PROBLEM STATEMENT:
Would you write out the data below exactly, with every line intact?

RECORDS FOR THIS EXERCISE:
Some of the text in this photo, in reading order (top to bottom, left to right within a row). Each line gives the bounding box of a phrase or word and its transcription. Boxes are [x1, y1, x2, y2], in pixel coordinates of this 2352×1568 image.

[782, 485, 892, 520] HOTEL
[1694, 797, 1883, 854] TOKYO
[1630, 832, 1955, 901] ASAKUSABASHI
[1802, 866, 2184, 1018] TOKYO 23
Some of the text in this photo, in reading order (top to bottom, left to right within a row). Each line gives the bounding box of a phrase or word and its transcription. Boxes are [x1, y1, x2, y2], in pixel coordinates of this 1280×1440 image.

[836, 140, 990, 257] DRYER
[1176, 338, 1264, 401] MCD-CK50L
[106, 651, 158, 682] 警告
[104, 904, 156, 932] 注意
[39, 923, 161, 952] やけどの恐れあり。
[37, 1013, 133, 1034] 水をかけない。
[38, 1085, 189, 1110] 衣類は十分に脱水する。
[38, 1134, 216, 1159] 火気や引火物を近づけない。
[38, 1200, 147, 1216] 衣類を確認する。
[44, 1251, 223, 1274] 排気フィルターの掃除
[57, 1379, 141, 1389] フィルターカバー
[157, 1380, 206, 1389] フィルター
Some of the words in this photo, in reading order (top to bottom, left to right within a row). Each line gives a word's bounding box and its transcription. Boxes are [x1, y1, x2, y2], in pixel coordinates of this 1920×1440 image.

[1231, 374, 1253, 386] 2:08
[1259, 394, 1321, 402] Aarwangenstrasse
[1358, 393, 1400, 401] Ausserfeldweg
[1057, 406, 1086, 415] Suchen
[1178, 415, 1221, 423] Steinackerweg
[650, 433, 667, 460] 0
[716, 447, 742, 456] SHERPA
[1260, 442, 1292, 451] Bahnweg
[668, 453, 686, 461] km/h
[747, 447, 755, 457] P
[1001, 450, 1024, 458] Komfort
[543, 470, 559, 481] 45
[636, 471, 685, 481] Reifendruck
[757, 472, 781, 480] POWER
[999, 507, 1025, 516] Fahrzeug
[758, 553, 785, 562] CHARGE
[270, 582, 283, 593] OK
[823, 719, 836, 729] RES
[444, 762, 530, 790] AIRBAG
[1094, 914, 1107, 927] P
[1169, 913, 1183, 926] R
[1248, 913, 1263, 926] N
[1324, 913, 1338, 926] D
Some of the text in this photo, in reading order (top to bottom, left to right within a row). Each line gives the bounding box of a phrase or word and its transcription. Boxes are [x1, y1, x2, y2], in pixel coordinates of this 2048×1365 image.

RESULT FOR THIS TASK:
Some of the text in this photo, in reading order (top to bottom, left to right within a row). Each line gives the bounding box of a phrase or word and its transcription. Boxes are [x1, y1, x2, y2], in pixel coordinates of this 2352×1568 image.

[782, 485, 892, 520] HOTEL
[1694, 797, 1883, 854] TOKYO
[1630, 832, 1955, 901] ASAKUSABASHI
[1802, 866, 2184, 1018] TOKYO 23
Some of the text in this photo, in reading order (top to bottom, left to right within a row). Each line gives the bounding box of a phrase or word and its transcription. Boxes are [x1, y1, x2, y2], in pixel coordinates of this 1280×1440 image.

[836, 140, 990, 257] DRYER
[1176, 338, 1264, 401] MCD-CK50L
[106, 651, 158, 682] 警告
[104, 904, 156, 932] 注意
[39, 923, 161, 952] やけどの恐れあり。
[37, 1013, 133, 1034] 水をかけない。
[38, 1085, 189, 1110] 衣類は十分に脱水する。
[38, 1134, 216, 1159] 火気や引火物を近づけない。
[38, 1200, 147, 1216] 衣類を確認する。
[44, 1251, 223, 1274] 排気フィルターの掃除
[57, 1379, 141, 1389] フィルターカバー
[157, 1380, 206, 1389] フィルター
Some of the words in this photo, in reading order (top to bottom, left to right within a row). Each line gives a word's bounding box and its transcription. Boxes are [x1, y1, x2, y2], in pixel coordinates of this 1920×1440 image.

[1231, 374, 1253, 386] 2:08
[1259, 394, 1321, 402] Aarwangenstrasse
[1358, 393, 1400, 401] Ausserfeldweg
[1057, 406, 1086, 415] Suchen
[1178, 415, 1221, 423] Steinackerweg
[650, 433, 667, 460] 0
[716, 447, 742, 456] SHERPA
[1260, 442, 1292, 451] Bahnweg
[668, 453, 686, 461] km/h
[747, 447, 755, 457] P
[1001, 450, 1024, 458] Komfort
[543, 470, 559, 481] 45
[636, 471, 685, 481] Reifendruck
[757, 472, 781, 480] POWER
[999, 507, 1025, 516] Fahrzeug
[758, 553, 785, 562] CHARGE
[270, 582, 283, 593] OK
[823, 719, 836, 729] RES
[444, 762, 530, 790] AIRBAG
[1094, 914, 1107, 927] P
[1169, 913, 1183, 926] R
[1248, 913, 1263, 926] N
[1324, 913, 1338, 926] D
Some of the text in this photo, in reading order (top to bottom, left to right within a row). Each line gives the bounding box of a phrase or word and its transcription. Boxes are [x1, y1, x2, y2], in pixel coordinates of this 2048×1365 image.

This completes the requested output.